Work request:
Reproduce the listing in full. Omit the pictures.

Available records:
#####

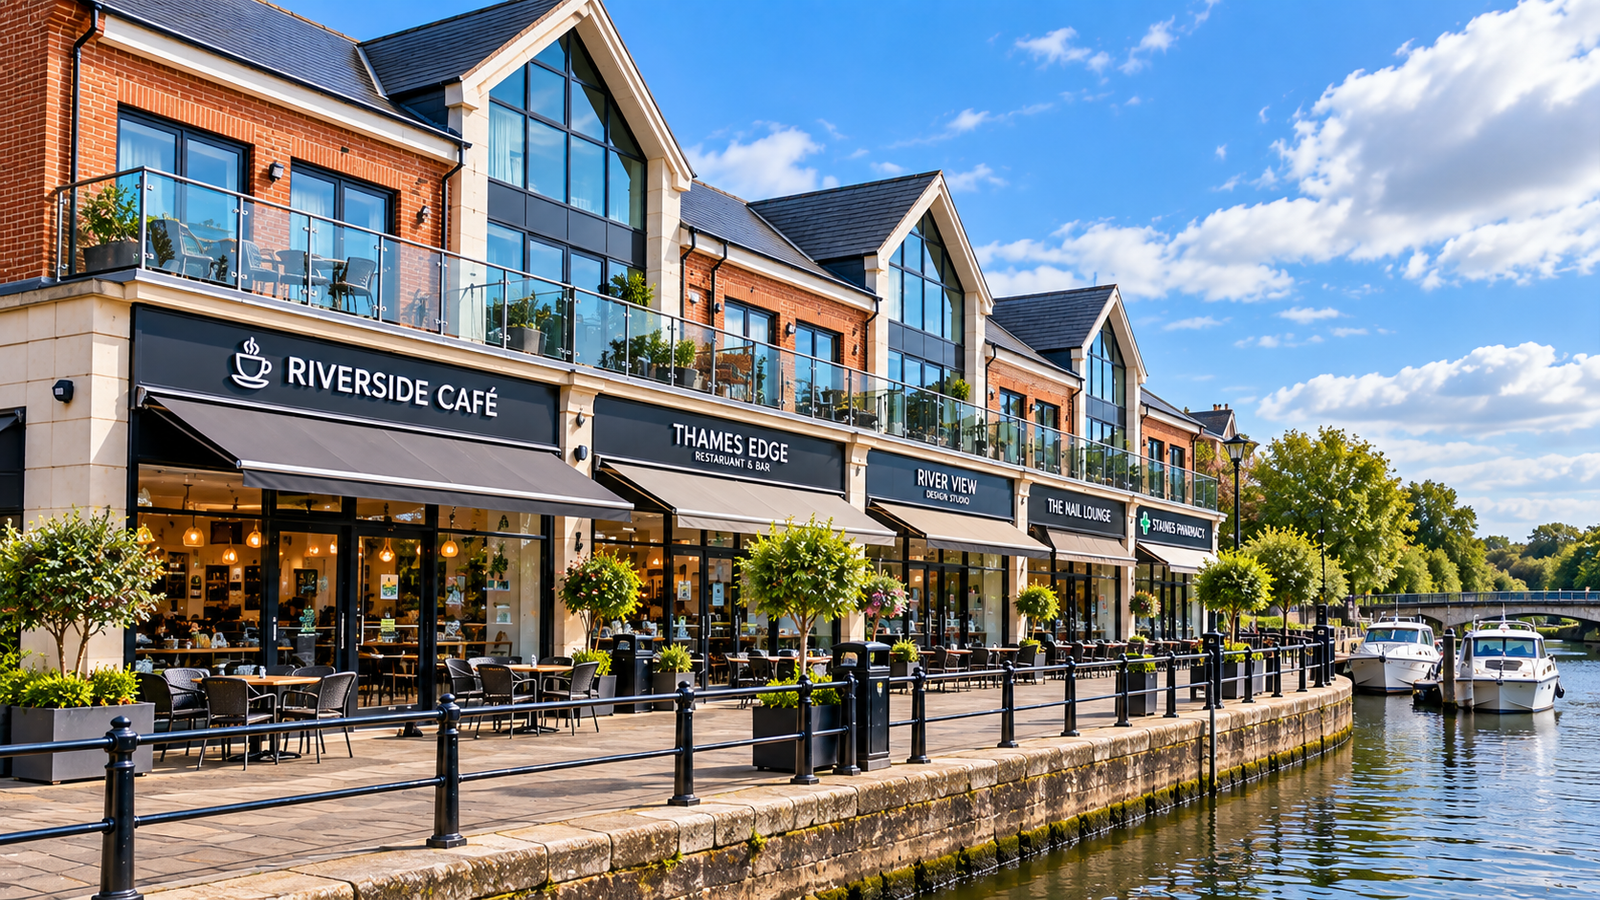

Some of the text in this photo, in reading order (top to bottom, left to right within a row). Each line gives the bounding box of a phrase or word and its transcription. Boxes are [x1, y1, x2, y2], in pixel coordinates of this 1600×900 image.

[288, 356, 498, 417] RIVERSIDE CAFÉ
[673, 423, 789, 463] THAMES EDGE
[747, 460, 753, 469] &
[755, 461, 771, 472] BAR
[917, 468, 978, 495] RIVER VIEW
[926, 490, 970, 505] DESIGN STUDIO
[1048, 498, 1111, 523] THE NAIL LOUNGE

#####

Response to this task:
Some of the text in this photo, in reading order (top to bottom, left to right within a row). Each line gives the bounding box of a phrase or word and its transcription. Boxes are [x1, y1, x2, y2], in pixel coordinates of this 1600×900 image.

[288, 356, 498, 417] RIVERSIDE CAFÉ
[673, 423, 789, 463] THAMES EDGE
[747, 460, 753, 469] &
[755, 461, 771, 472] BAR
[917, 468, 978, 495] RIVER VIEW
[926, 490, 970, 505] DESIGN STUDIO
[1048, 498, 1111, 523] THE NAIL LOUNGE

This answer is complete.